BZOJ - 3224 可持久化Treap 树形操作
这个题目去年就做过了,这次稍微改了一下
都是基础操作
#include<iostream>
#include<algorithm>
#include<cstdio>
#include<cstring>
#include<cstdlib>
#include<cmath>
#include<string>
#include<vector>
#include<stack>
#include<queue>
#include<set>
#include<map>
#define rep(i,j,k) for(register int i=j;i<=k;i++)
#define rrep(i,j,k) for(register int i=j;i>=k;i--)
#define erep(i,u) for(register int i=head[u];~i;i=nxt[i])
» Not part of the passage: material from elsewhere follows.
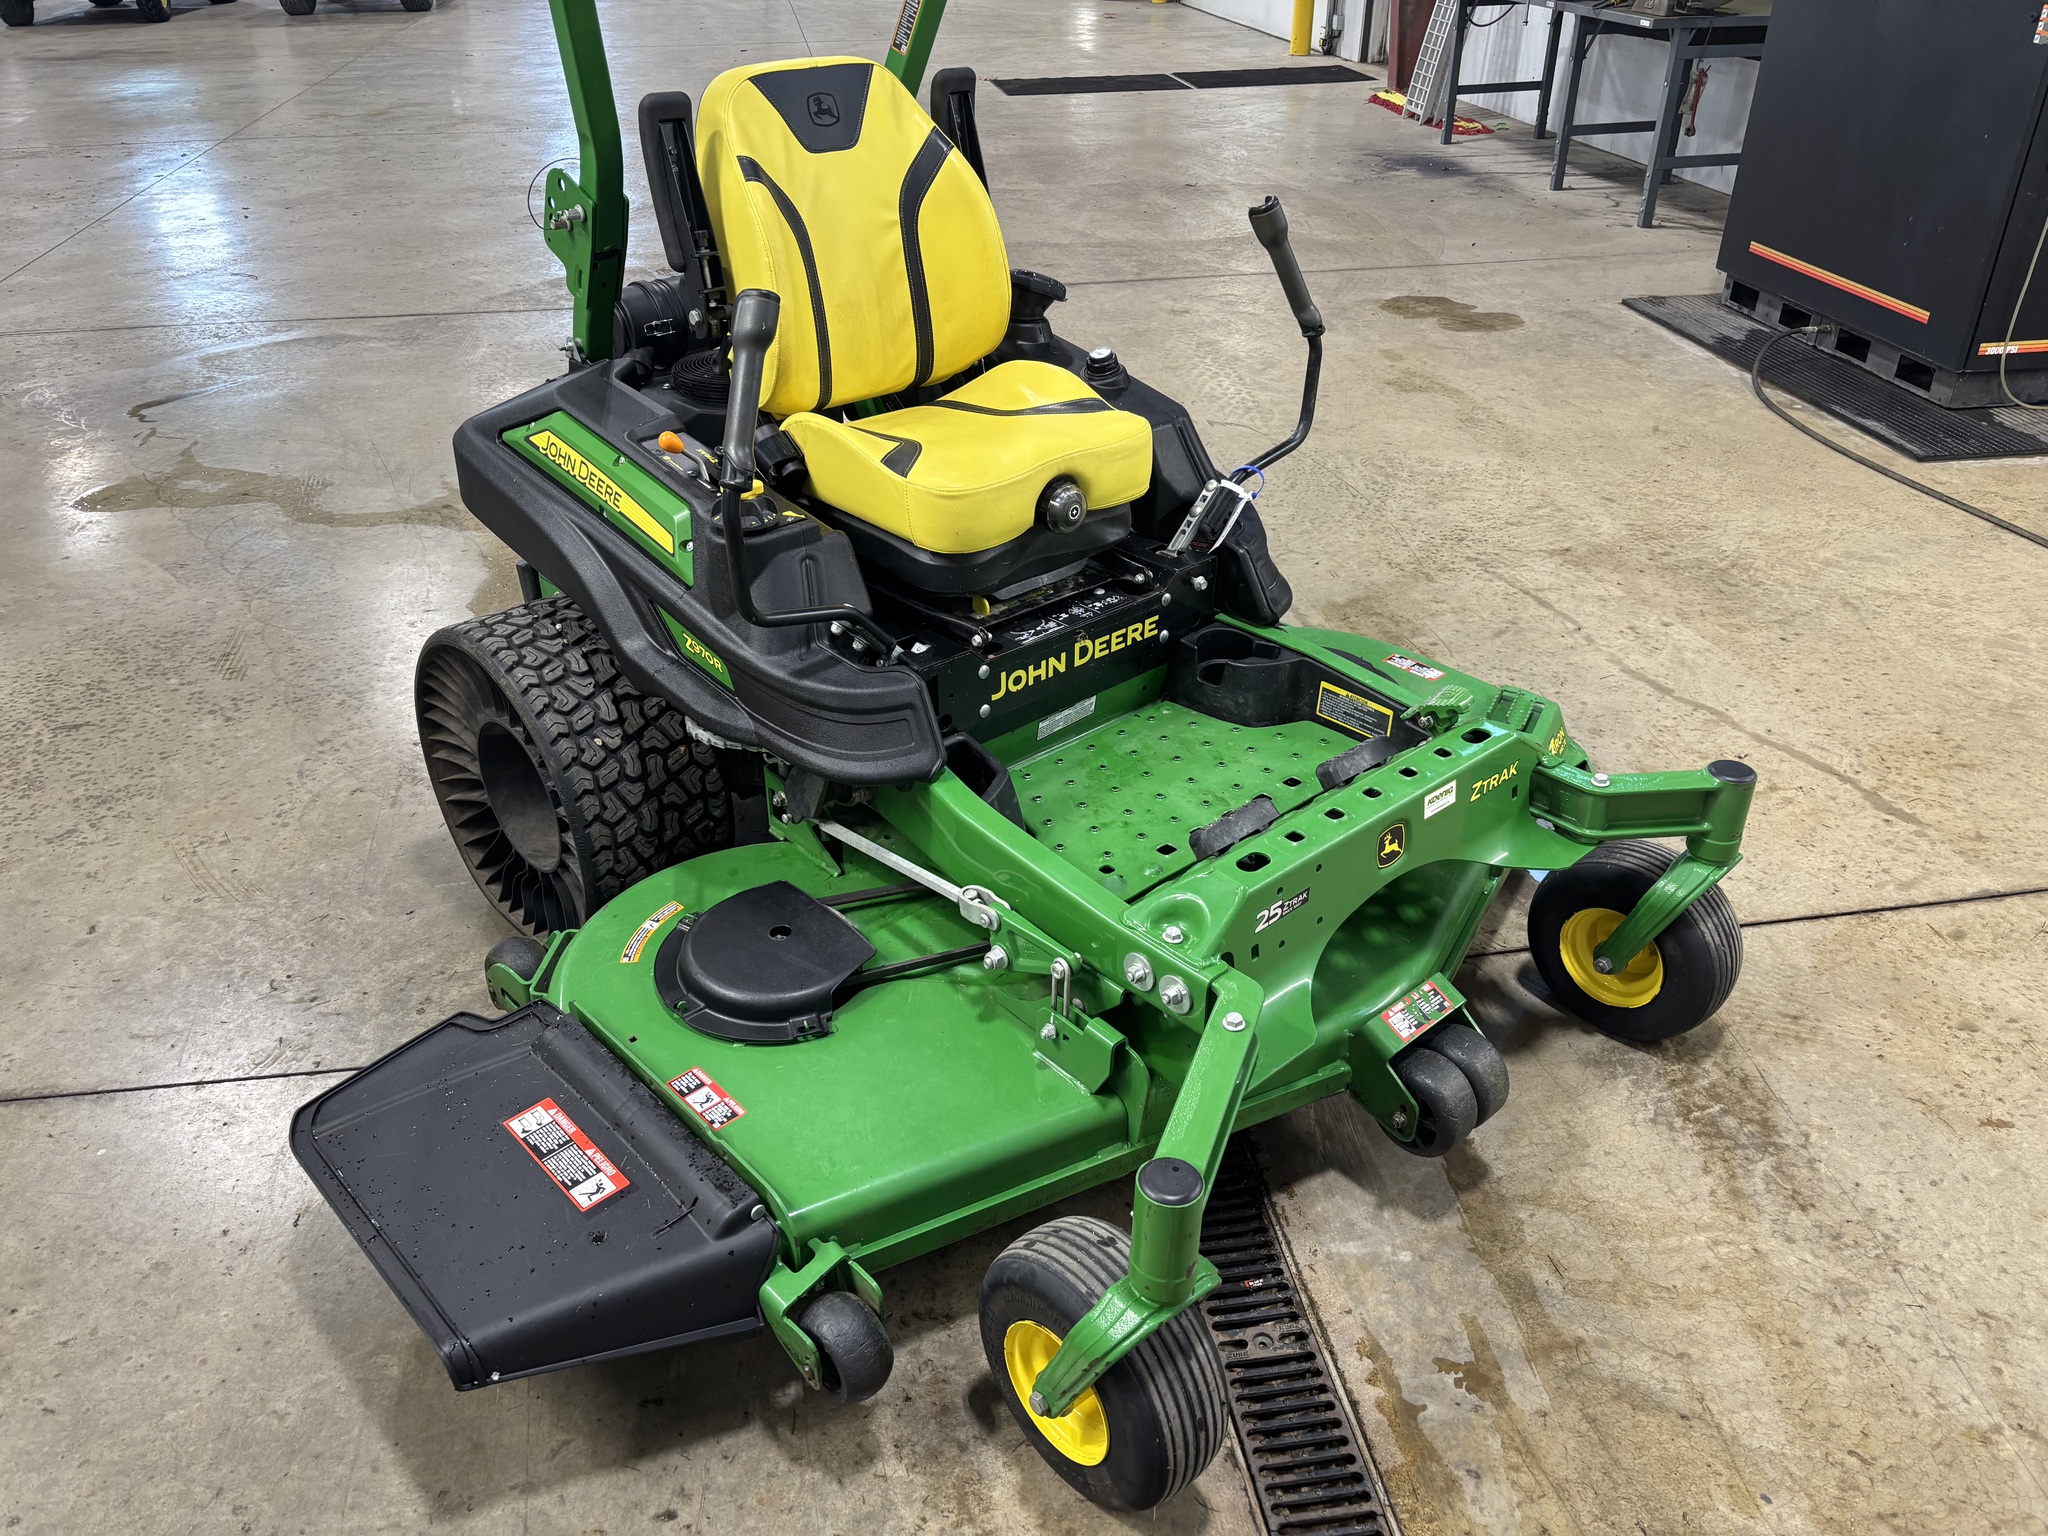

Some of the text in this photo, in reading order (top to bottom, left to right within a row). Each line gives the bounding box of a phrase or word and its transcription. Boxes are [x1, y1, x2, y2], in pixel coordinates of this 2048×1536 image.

#define iin(a) scanf("%d",&a)
#define lin(a) scanf("%lld",&a)
#define din(a) scanf("%lf",&a)
#define s0(a) scanf("%s",a)
#define s1(a) scanf("%s",a+1)
#define print(a) printf("%lld",(ll)a)
#define enter putchar('\n')
#define blank putchar(' ')
#define println(a) printf("%lld\n",(ll)a)
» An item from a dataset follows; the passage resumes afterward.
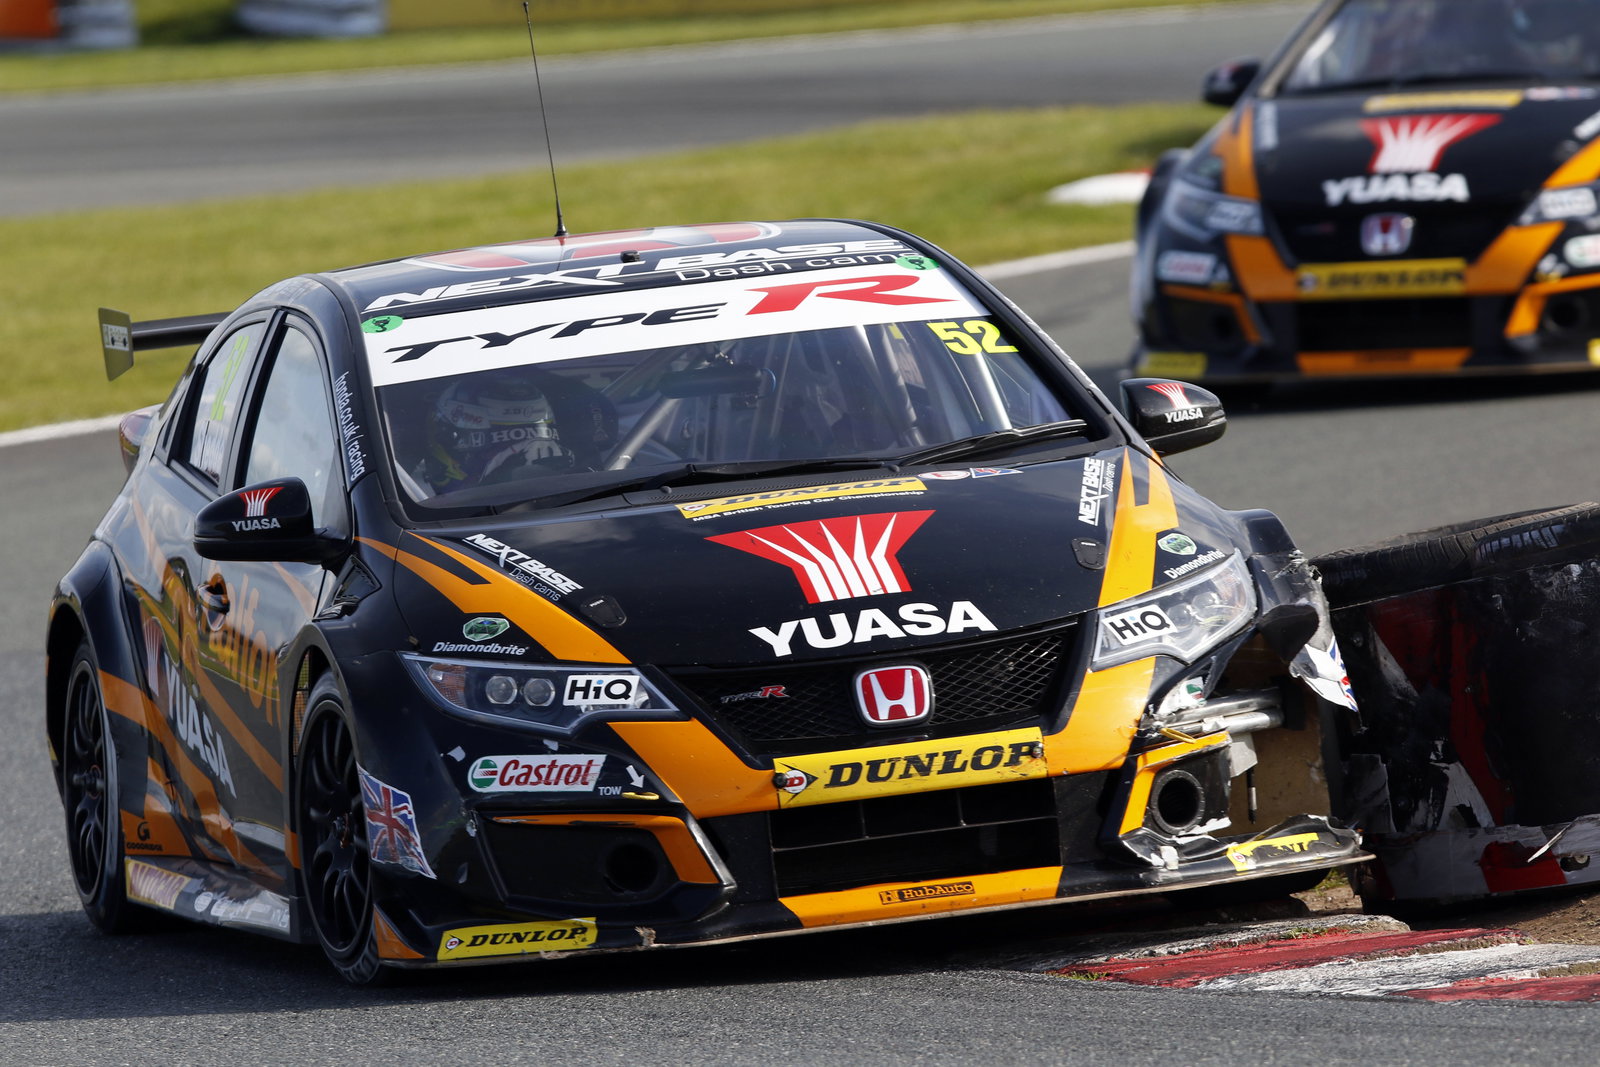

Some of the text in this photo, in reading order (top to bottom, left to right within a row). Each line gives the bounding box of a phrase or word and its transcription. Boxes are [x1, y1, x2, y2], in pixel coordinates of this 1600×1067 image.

#define IOS ios::sync_with_stdio(0)
using namespace std;
const int MAXN = 2e5+11;
const int INF = 0x3f3f3f3f;
const double EPS = 1e-7;
typedef long long ll;
const ll MOD = 1e9+7;
unsigned int SEED = 19260817;
ll read(){
ll x=0,f=1;register char ch=getchar();
while(ch<'0'||ch>'9'){if(ch=='-')f=-1;ch=getchar();}
while(ch>='0'&&ch<='9'){x=x*10+ch-'0';ch=getchar();}
return x*f;
}
inline int Rand(){
SEED=SEED*1103515245+12345;
return SEED/65536;
}
struct Treap{
int son[MAXN][2],root,tot;
int val[MAXN],fix[MAXN],size[MAXN];
#define lc son[o][0]
#define rc son[o][1]
void init(){
root=0;
son[0][0]=son[0][1]=0;
val[0]=fix[0]=size[0]=0;
tot=1;
}
int node(int v){
son[tot][0]=son[tot][1]=0;
val[tot]=v; fix[tot]=Rand();
size[tot]=1;
return tot++;
}
void pu(int o){
size[o]=size[lc]+size[rc]+1;
}
void split(int o,int pivot,int &a,int &b){
if(!o){
a=b=0;
return;
}else if(val[o]>pivot){
b=o;
split(lc,pivot,a,lc);
pu(o);
}else{
a=o;
split(rc,pivot,rc,b);
pu(o);
}
}
int merge(int a,int b){
if(!a) return b;
if(!b) return a;
if(fix[a]<fix[b]){
son[a][1]=merge(son[a][1],b);
pu(a);
return a;
}else{
son[b][0]=merge(a,son[b][0]);
pu(b);
return b;
}
}
void insert(int v){
int a,b,t=node(v);
split(root,v,a,b);
root=merge(merge(a,t),b);
}
void del(int x){
int a,b,c,d;
split(root,x,a,b);
split(a,x-1,c,d);
d=merge(son[d][0],son[d][1]);//d的根不要了
root=merge(merge(c,d),b);
}
int krank(int k){
int a,b;
split(root,k-1,a,b);
int res=size[a]+1; //最小的相同数必然是恰比k-1子树规模大
root=merge(a,b);
return res;
}
int kth(int k){
int o=root;
while(1){
if(k<=size[lc]){
o=lc;
}else if(k==size[lc]+1){
return o;
}else{
k-=size[lc]+1;
o=rc;
}
}
}
int kth(int o,int k){
while(1){
if(k<=size[lc]){
o=lc;
}else if(k==size[lc]+1){
return o;
}else{
k-=size[lc]+1;
o=rc;
}
}
}
int pre(int x){
int a,b;
split(root,x-1,a,b);
int t=kth(a,size[a]);
root=merge(a,b);
return t;
}
int succ(int x){
int a,b;
split(root,x,a,b);
int t=kth(b,1);
root=merge(a,b);
return t;
}
}tp;
int n,m,a[MAXN];
int main(){
while(cin>>n){
tp.init();
rep(i,1,n){
int op=read();
int x=read();
switch(op){
case 1:tp.insert(x);break;
case 2:tp.del(x);break;
case 3:println(tp.krank(x));break;
case 4:println(tp.val[tp.kth(x)]);break;
case 5:println(tp.val[tp.pre(x)]);break;
case 6:println(tp.val[tp.succ(x)]);break;
}
}
}
return 0;
}